The mountainous areas of Japan experience strong winds and heavy snowfall due to the influence of jet streams and winter monsoons (Manabe, 1957; Riehl, 1962; Ueda, Kibe, Saitoh, & Inoue, 2015). This climate allows a single Japanese stone pine tree species (Pinus pumila Regel) to become dominant, owing to its resistance to wind and snow, at the subalpine-alpine transition zone (Okitsu, 1984). According to the mass effect hypothesis, this is a considerable change from the expected plant distribution, because the subalpine-alpine transition zones often harbour high species richness consisting of co-existing alpine and subalpine plants, resulting in hump-shaped patterns of species richness along these elevations (Grytnes, 2003; Grytnes, Heegaard, & Ihlen, 2006). However, this hump-shaped pattern has become suppressed due to the dominance of stone pine trees shading out other plants. These patterns further question the applicability of the hypotheses for predicting the elevational patterns of plants.

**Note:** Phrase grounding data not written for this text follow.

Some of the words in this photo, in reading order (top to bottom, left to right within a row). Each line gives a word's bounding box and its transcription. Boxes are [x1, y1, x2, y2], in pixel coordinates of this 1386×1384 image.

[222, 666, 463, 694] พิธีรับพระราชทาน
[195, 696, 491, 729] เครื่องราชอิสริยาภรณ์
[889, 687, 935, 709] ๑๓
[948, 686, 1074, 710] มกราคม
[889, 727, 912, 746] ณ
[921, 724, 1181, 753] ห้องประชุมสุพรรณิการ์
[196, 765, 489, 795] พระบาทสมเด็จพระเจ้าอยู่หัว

In this study, we investigated the elevational distribution of multi-plant groups in the Yatsugatake Mountains of Japan to determine whether the pertinent elevation hypotheses mentioned (i.e. mass effect, mid-domain effect, and Rapoport’s elevational rule) could substantiate the existing elevational patterns of the plant groups occurring there. The applicability of these hypotheses was examined based on the comparison between the actual elevational patterns of the plant groups and those expected by the following hypotheses:
Hypothesis 1: If the elevational patterns of plants follow the mass effect hypothesis, the highest species richness will be located around ecotones such as the intermediate zone between the subalpine and alpine zones.

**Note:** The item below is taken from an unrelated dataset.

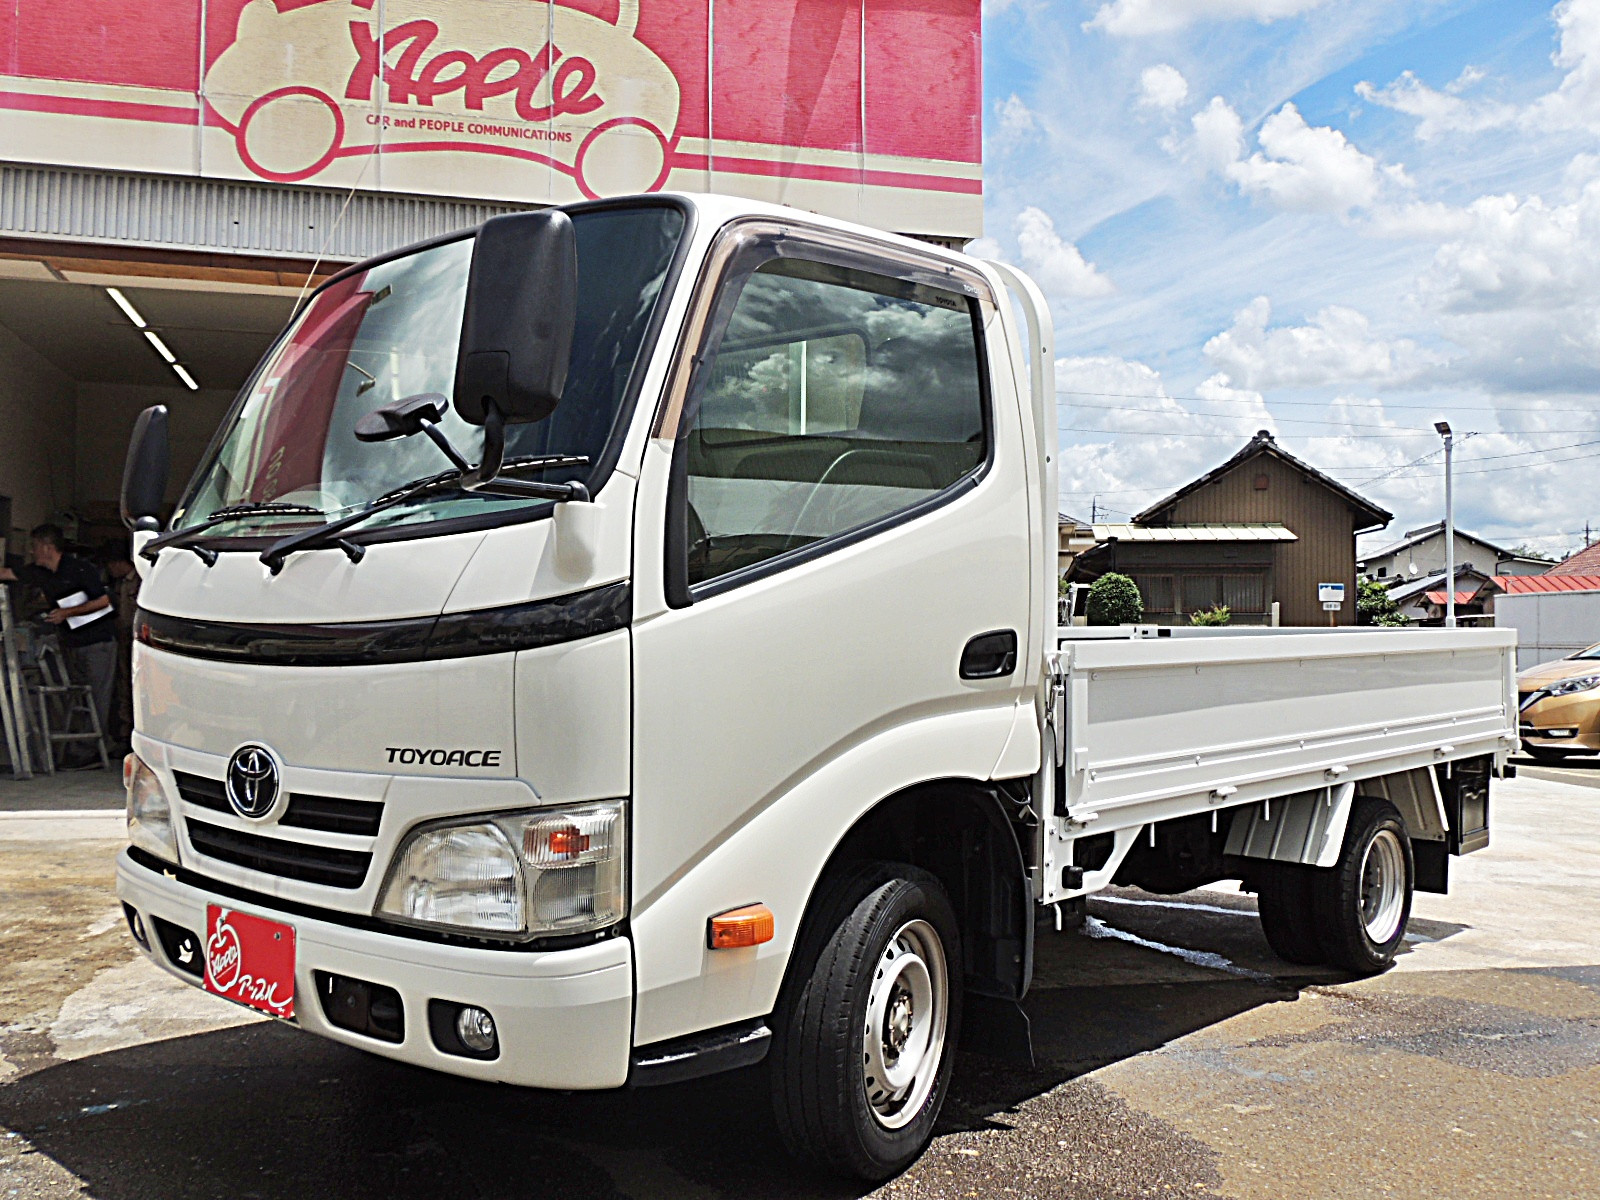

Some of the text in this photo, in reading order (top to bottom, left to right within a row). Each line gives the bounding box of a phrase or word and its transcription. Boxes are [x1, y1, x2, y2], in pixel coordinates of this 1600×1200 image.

Hypothesis 2: If the mid-domain effect hypothesis is applied to the elevational patterns of the plants, the distribution patterns will correspond to those expected by the random distribution of species between the summit and base of a mountain.
Hypothesis 3: If the distribution of plant species can be explained by Rapoport’s elevational rule, alpine species will exhibit larger elevational ranges than species at lower elevations.
Hypothesis 4: If the three elevational hypotheses do not apply to the observed patterns of plant distribution, other factors such as climate will largely determine their distribution.